6.2 Conditions to AFG's Obligations. The obligations of AFG to
sell the Original Assets on the Closing Date, to contribute or sell any
Additional Assets as of any Addition Date, and to act as agent on behalf of AFG
Credit pursuant to Article III hereof as of any Origination Date will be subject
to the satisfaction or waiver of the following conditions as of the Closing
Date, such Addition Date or such Origination Date, as applicable:
(a) Representations and Warranties.

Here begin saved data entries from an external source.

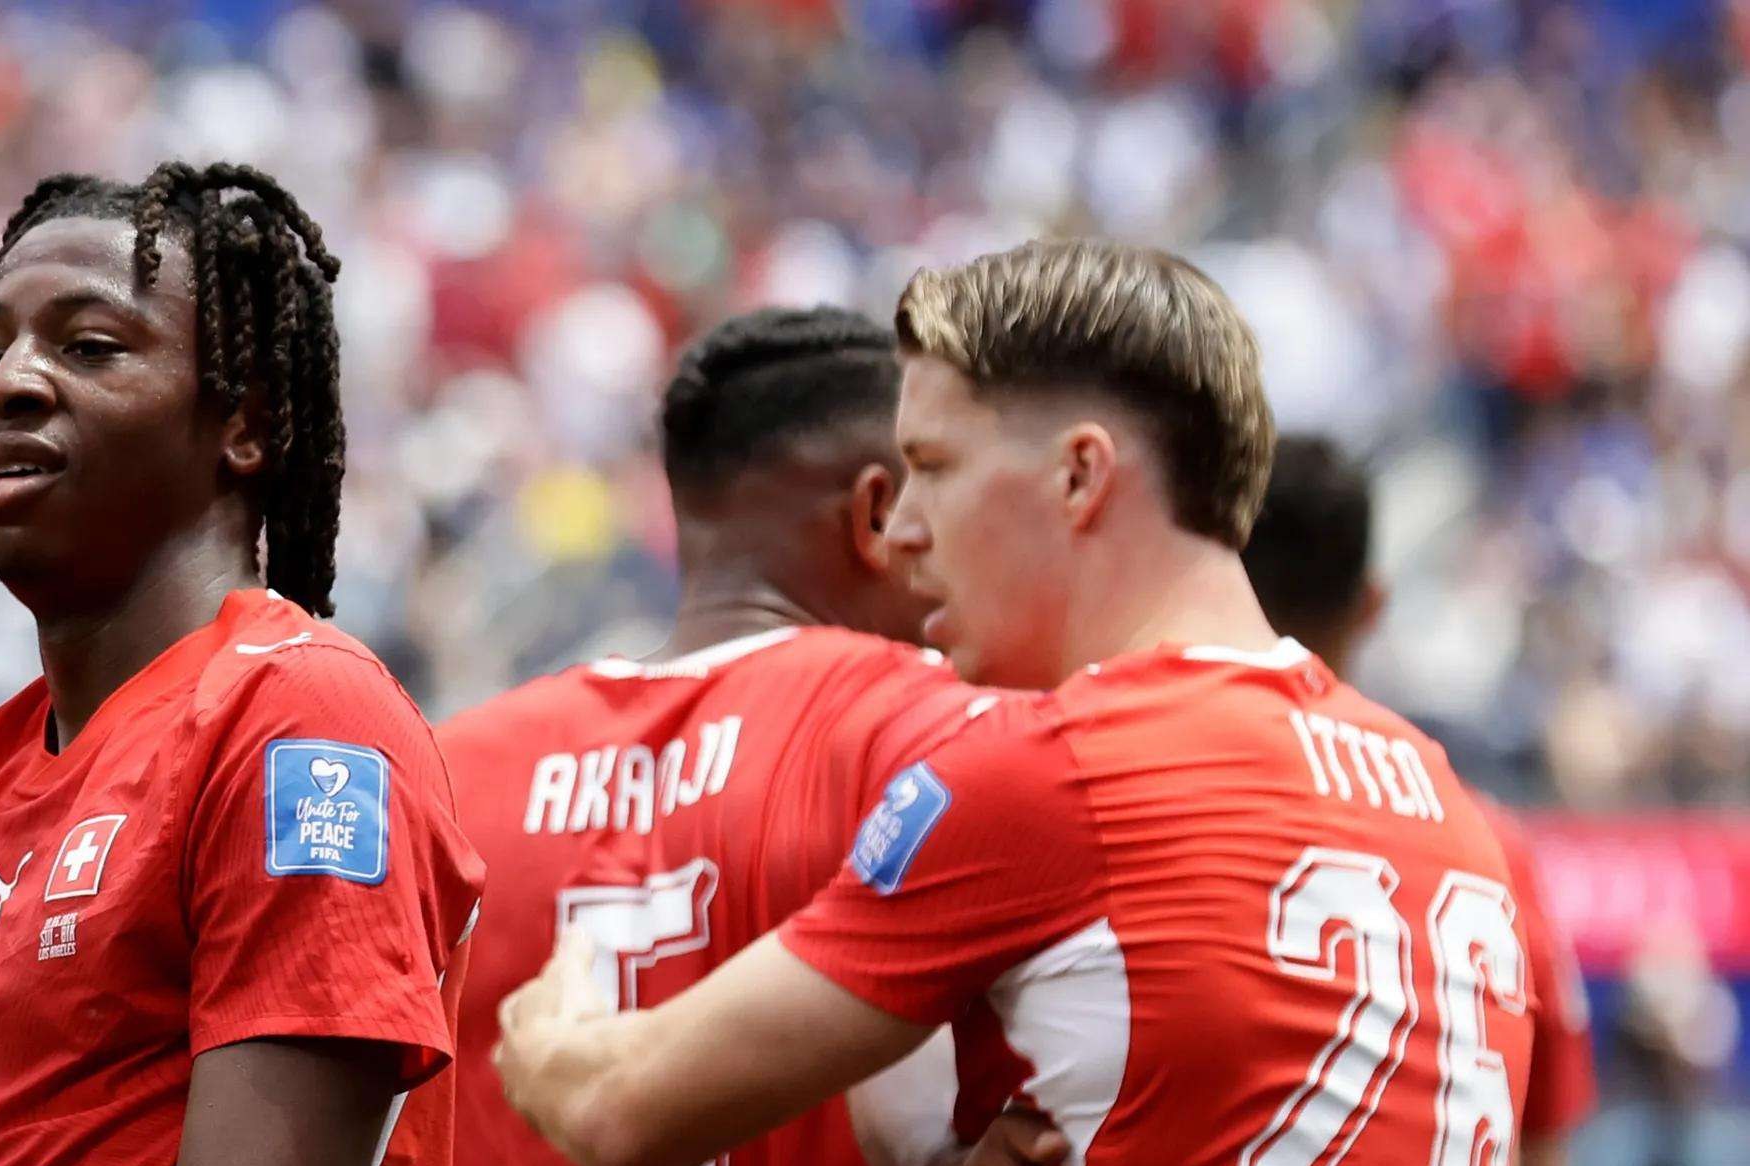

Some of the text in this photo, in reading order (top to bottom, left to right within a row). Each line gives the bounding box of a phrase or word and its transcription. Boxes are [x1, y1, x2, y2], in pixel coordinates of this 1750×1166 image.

[523, 714, 743, 835] AKANJI
[1289, 709, 1445, 824] ITTEN
[299, 821, 355, 849] PEACE
[310, 846, 342, 862] FIFA
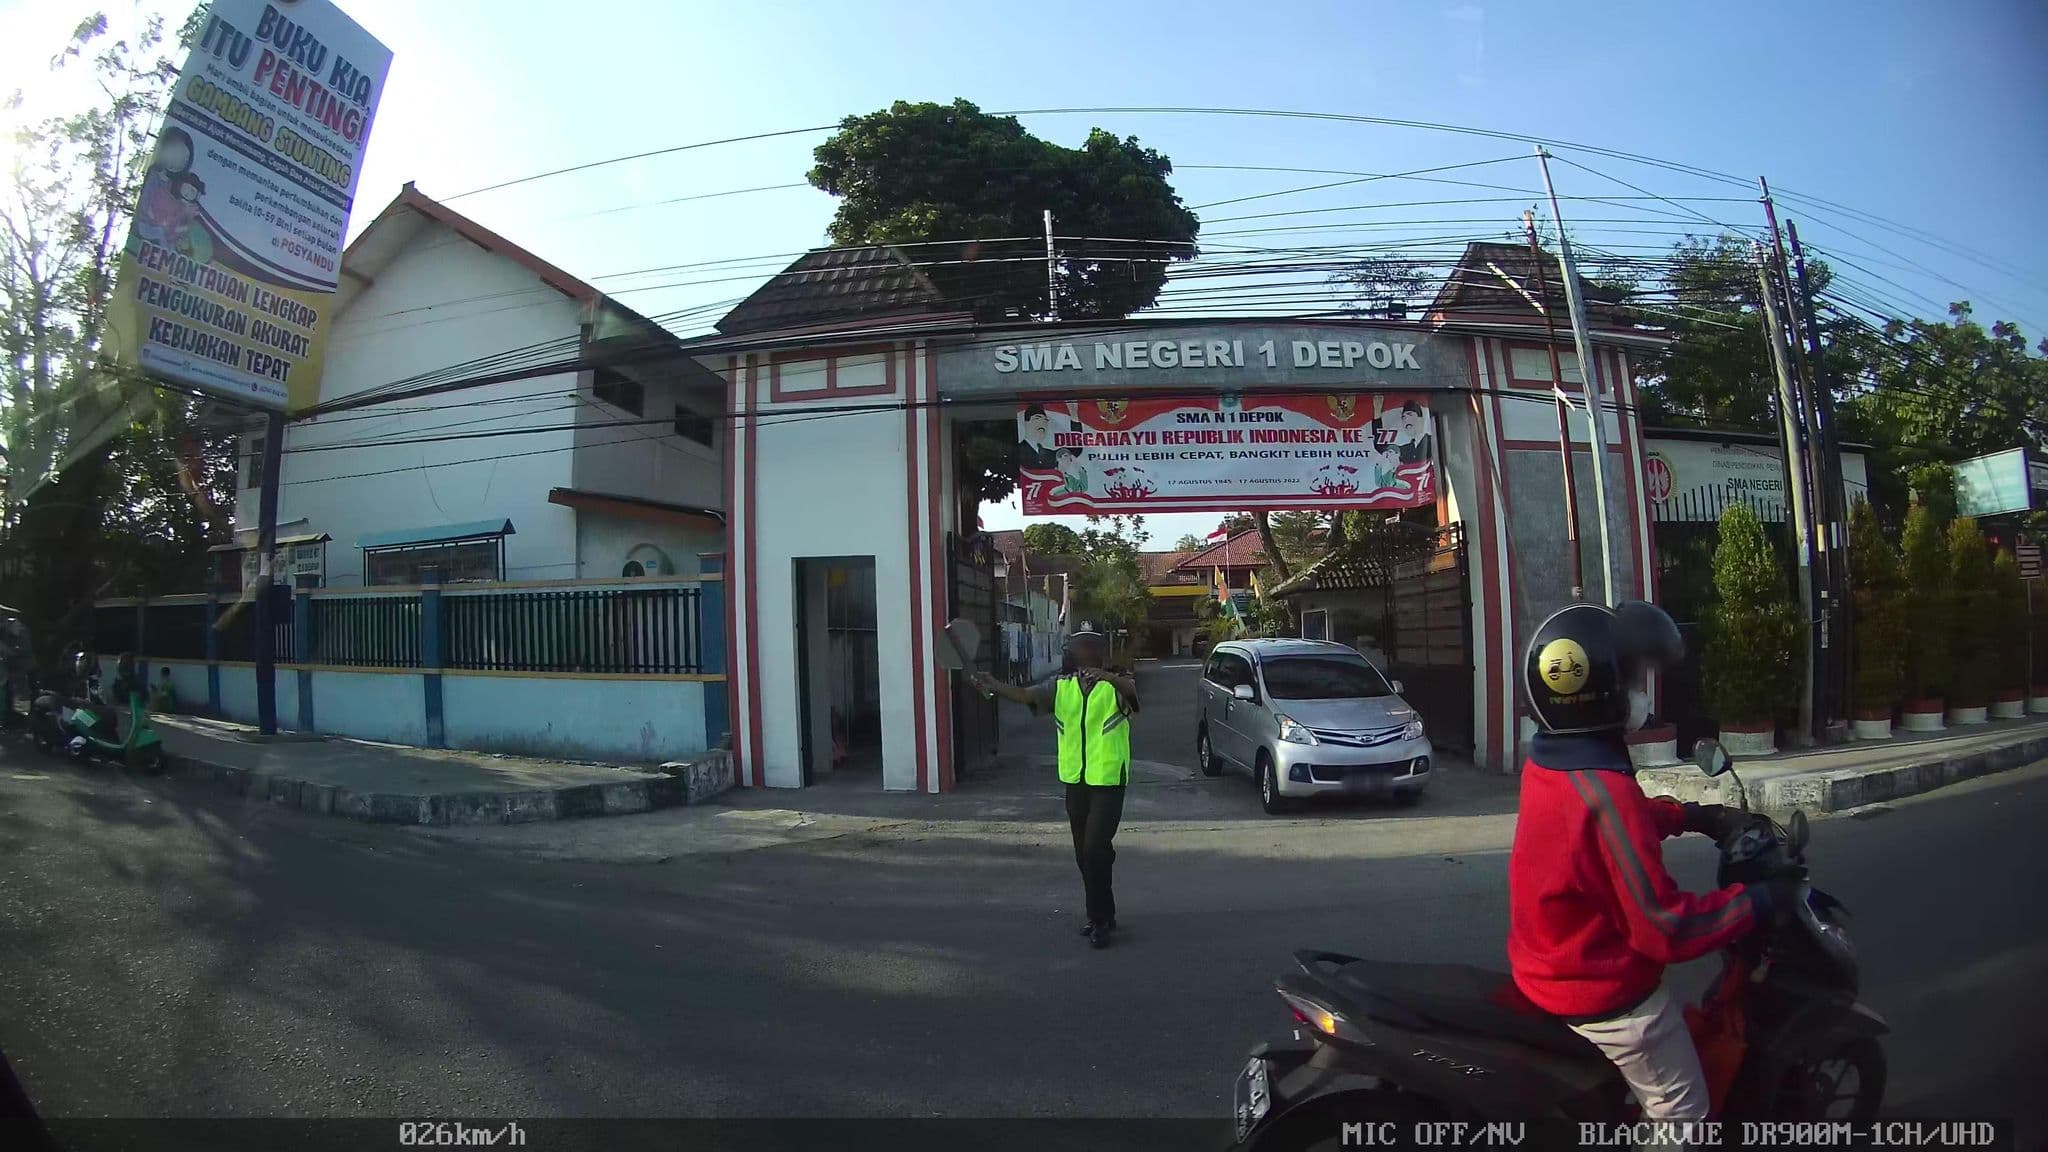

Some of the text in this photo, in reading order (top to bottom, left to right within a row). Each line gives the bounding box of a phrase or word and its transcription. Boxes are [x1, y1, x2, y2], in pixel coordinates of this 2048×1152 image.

[255, 4, 328, 77] BUKU
[201, 15, 369, 148] ITU PENTING!
[250, 90, 276, 112] bagian
[277, 107, 299, 126] untuk
[186, 75, 352, 188] GAMBANG STUNTING
[207, 149, 238, 171] dengan
[238, 166, 279, 192] memantau
[280, 188, 329, 220] pertumbuhan
[229, 194, 253, 214] balita
[293, 227, 316, 245] setiap
[316, 237, 337, 255] bulan
[255, 192, 312, 226] perkembangan
[137, 240, 250, 304] PEMANTAUAN
[280, 238, 335, 272] POSYANDU
[137, 277, 249, 336] PENGUKURAN
[149, 316, 240, 367] KEBIJAKAN
[246, 348, 291, 382] TEPAT
[994, 339, 1421, 373] SMA NEGERI 1 DEPOK
[1176, 410, 1284, 424] SMA N 1 DEPOK
[1054, 430, 1157, 448] DIRGAHAYU
[1162, 429, 1246, 446] REPUBLIK
[1249, 428, 1340, 445] INDONESIA
[1343, 428, 1364, 444] KE
[1375, 428, 1398, 445] 77
[1130, 449, 1176, 462] LEBIH
[1179, 449, 1225, 462] CEPAT,
[1229, 448, 1292, 461] BANGKIT
[1295, 448, 1335, 460] LEBIH
[1336, 448, 1371, 460] KUAT
[1025, 481, 1043, 501] 77
[1178, 478, 1213, 486] AGUSTUS
[1249, 477, 1281, 485] AGUSTUS
[1416, 471, 1431, 492] 77
[1727, 477, 1783, 492] SMA NEGERI

All representations and
warranties of AFG Credit contained in this Agreement will be true and
correct in all material respects as of the Closing Date, such Addition
Date or such Origination Date (except as otherwise specified herein),
as if each such representation or warranty were made as of the Closing
Date, such Addition Date or such Origination Date;
(b) Corporate Proceedings. All corporate and legal proceedings
and all instruments in connection with the transactions contemplated by
this Agreement will be satisfactory in form and substance to AFG, and
AFG will have received from AFG Credit such copies of documents
(including records of corporate proceedings, certificates of
Responsible Officers, and Opinions of Counsel) relevant to the
transactions herein contemplated as AFG may reasonably have requested.
ARTICLE VII
TERMINATION
7.1 Termination. The respective obligations and
responsibilities of AFG and AFG Credit created by this Agreement and the agency
relationship established pursuant to Article III hereunder will terminate upon
the last to occur of (i) the maturity or other liquidation of all Leases and AFG
Credit Leases and (ii) the termination of all Transfer Agreements.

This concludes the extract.